## [Your instructions]
Locate the line that contains "Some of the text", then copy it and all later lines of the data below exactly, through the last one.

## [Extracted data]
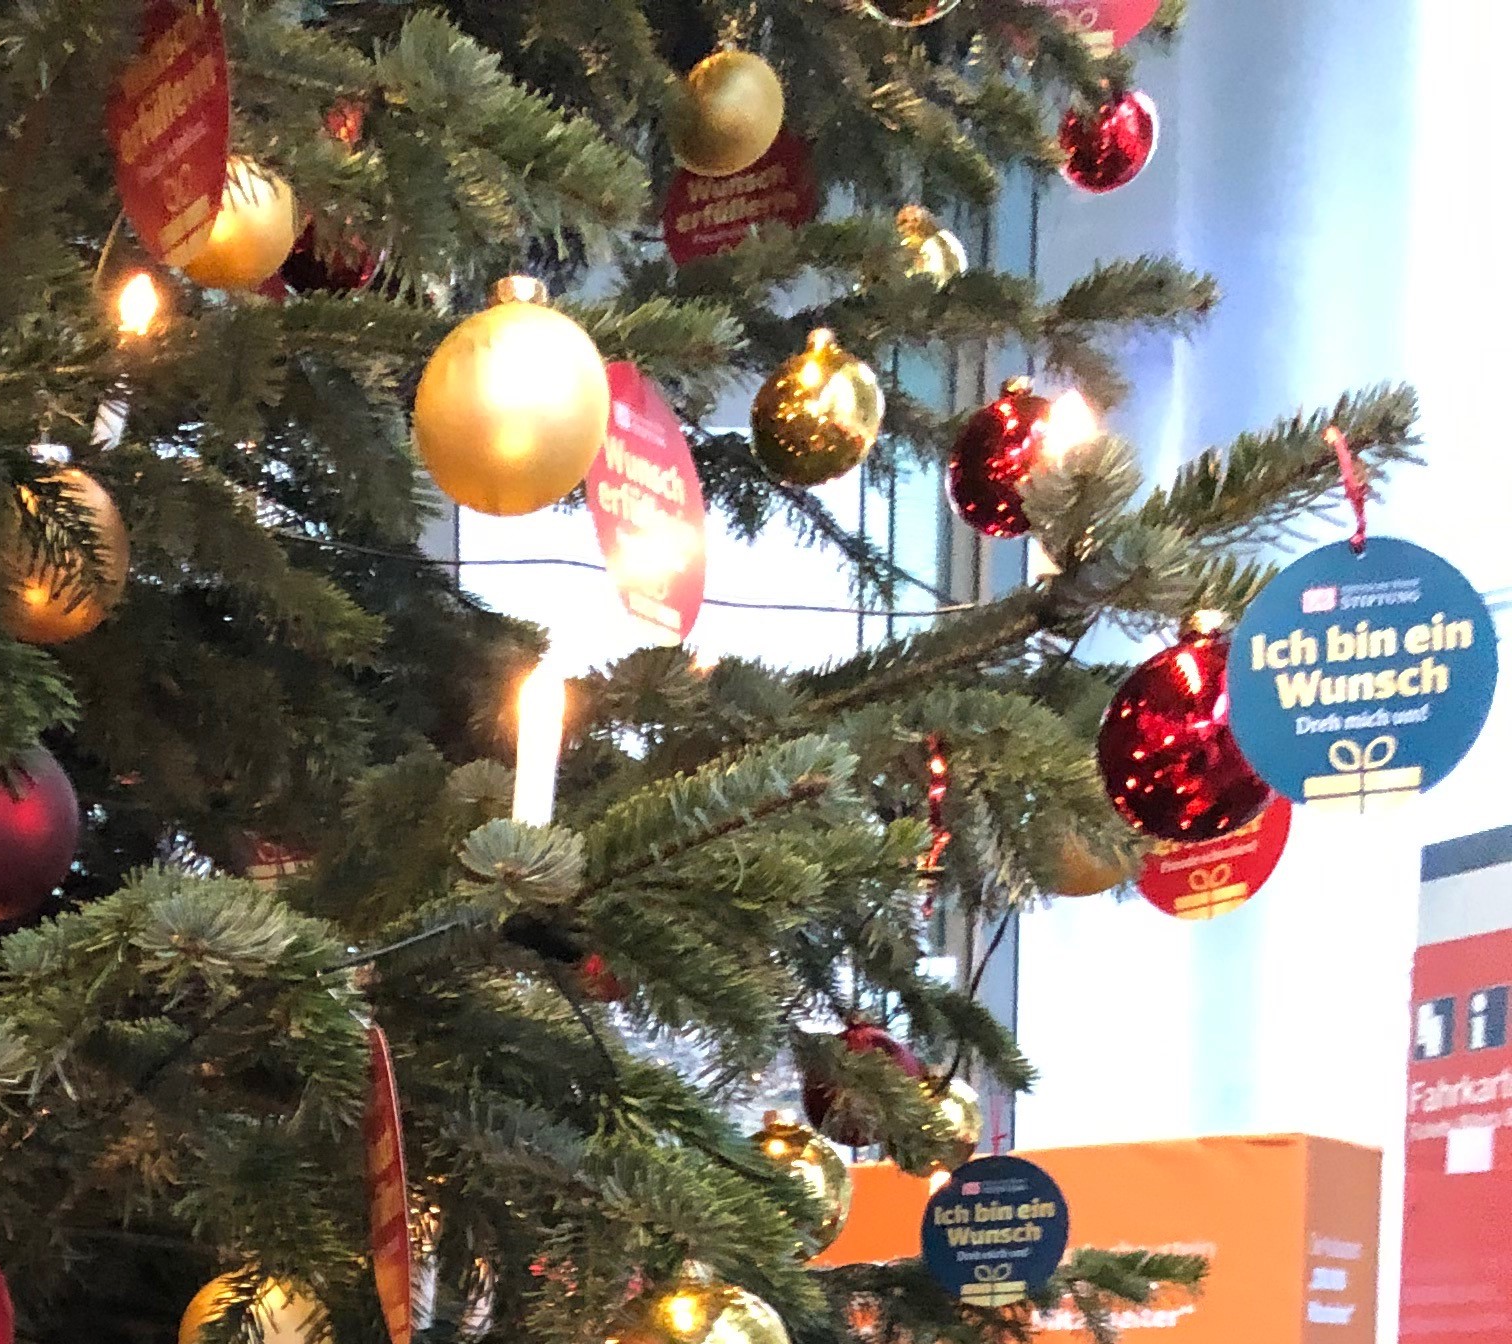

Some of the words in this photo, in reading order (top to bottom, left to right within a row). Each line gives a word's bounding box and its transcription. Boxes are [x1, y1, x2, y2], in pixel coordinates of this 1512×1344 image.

[1251, 629, 1318, 671] Ich
[1326, 620, 1398, 663] bin
[1404, 612, 1475, 655] ein
[1275, 656, 1450, 710] Wunsch
[934, 1205, 970, 1226] Ich
[974, 1201, 1014, 1222] bin
[1017, 1198, 1056, 1219] ein
[947, 1221, 1043, 1247] Wunsch
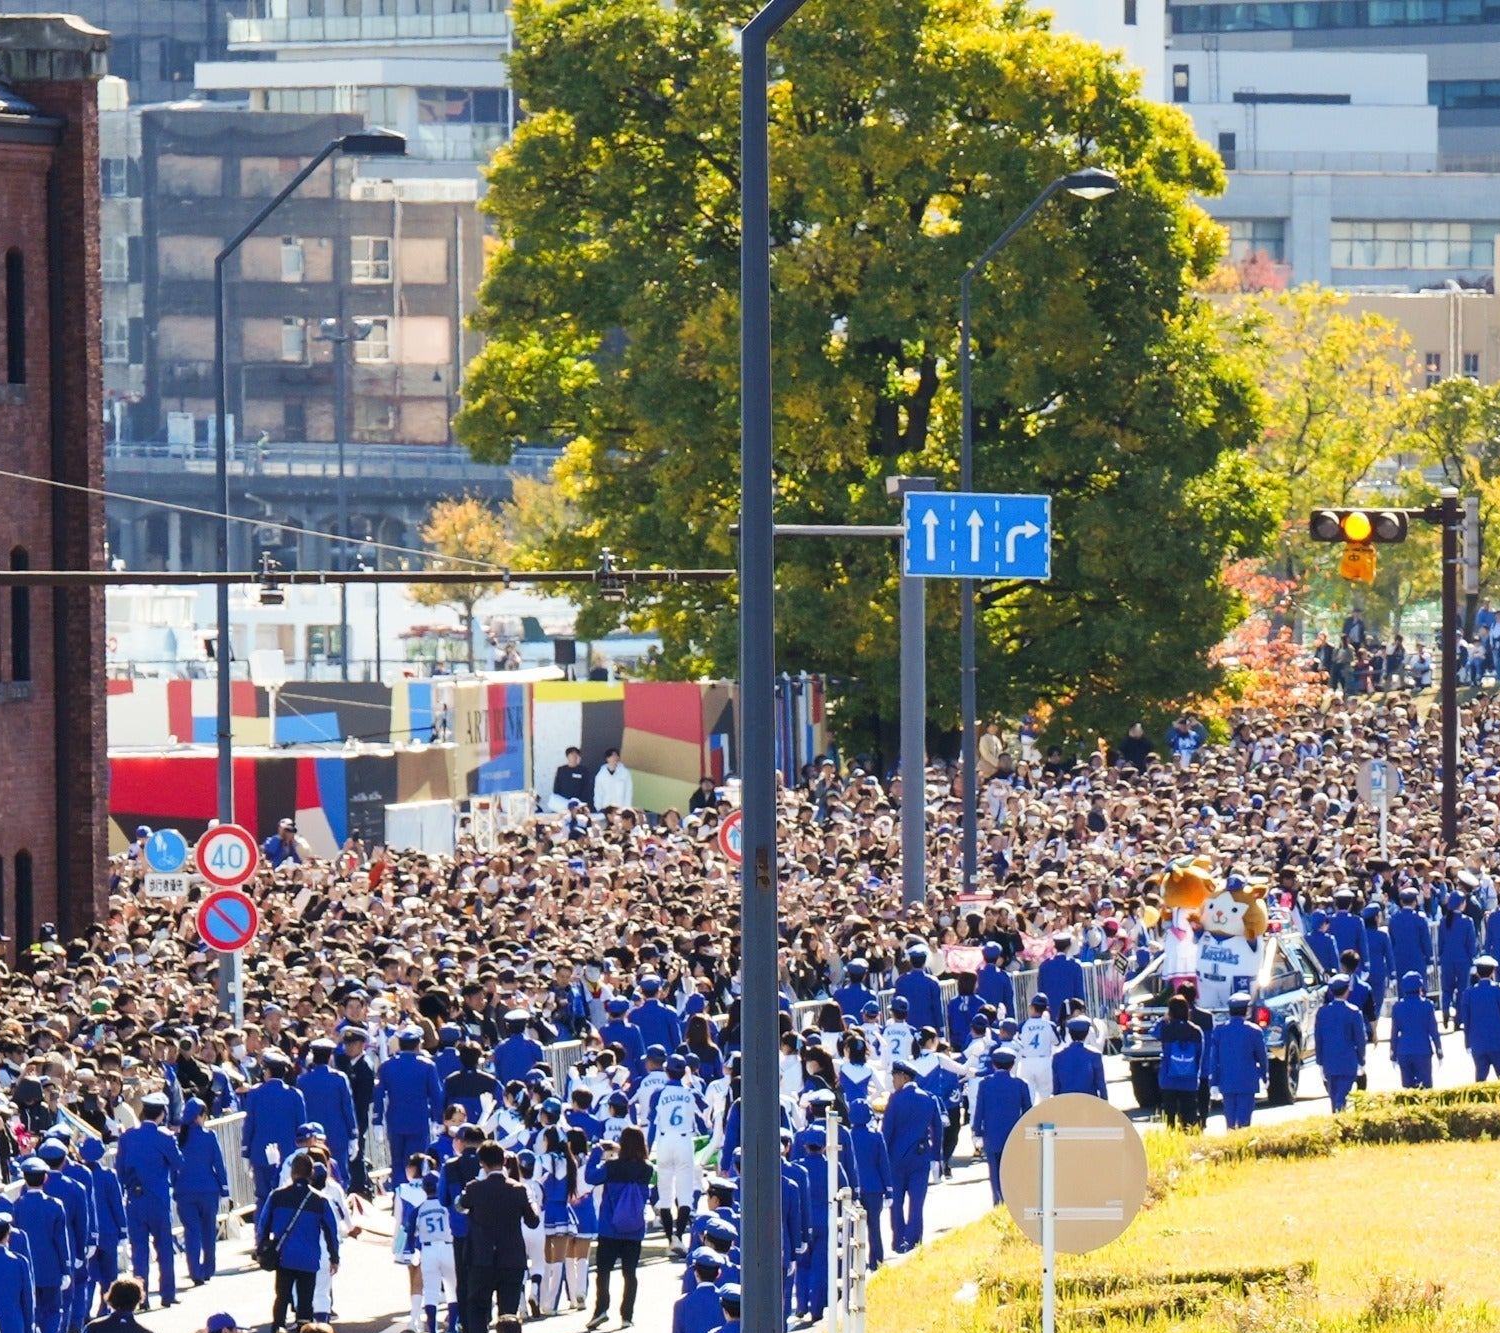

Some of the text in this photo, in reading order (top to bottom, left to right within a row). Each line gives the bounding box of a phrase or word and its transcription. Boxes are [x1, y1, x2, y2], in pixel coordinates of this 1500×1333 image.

[211, 843, 244, 869] 40
[1029, 1033, 1041, 1049] 4
[669, 1106, 684, 1127] 6
[425, 1217, 444, 1234] 51

## [Result of the task]
Some of the text in this photo, in reading order (top to bottom, left to right within a row). Each line gives the bounding box of a phrase or word and its transcription. Boxes are [x1, y1, x2, y2], in pixel coordinates of this 1500×1333 image.

[211, 843, 244, 869] 40
[1029, 1033, 1041, 1049] 4
[669, 1106, 684, 1127] 6
[425, 1217, 444, 1234] 51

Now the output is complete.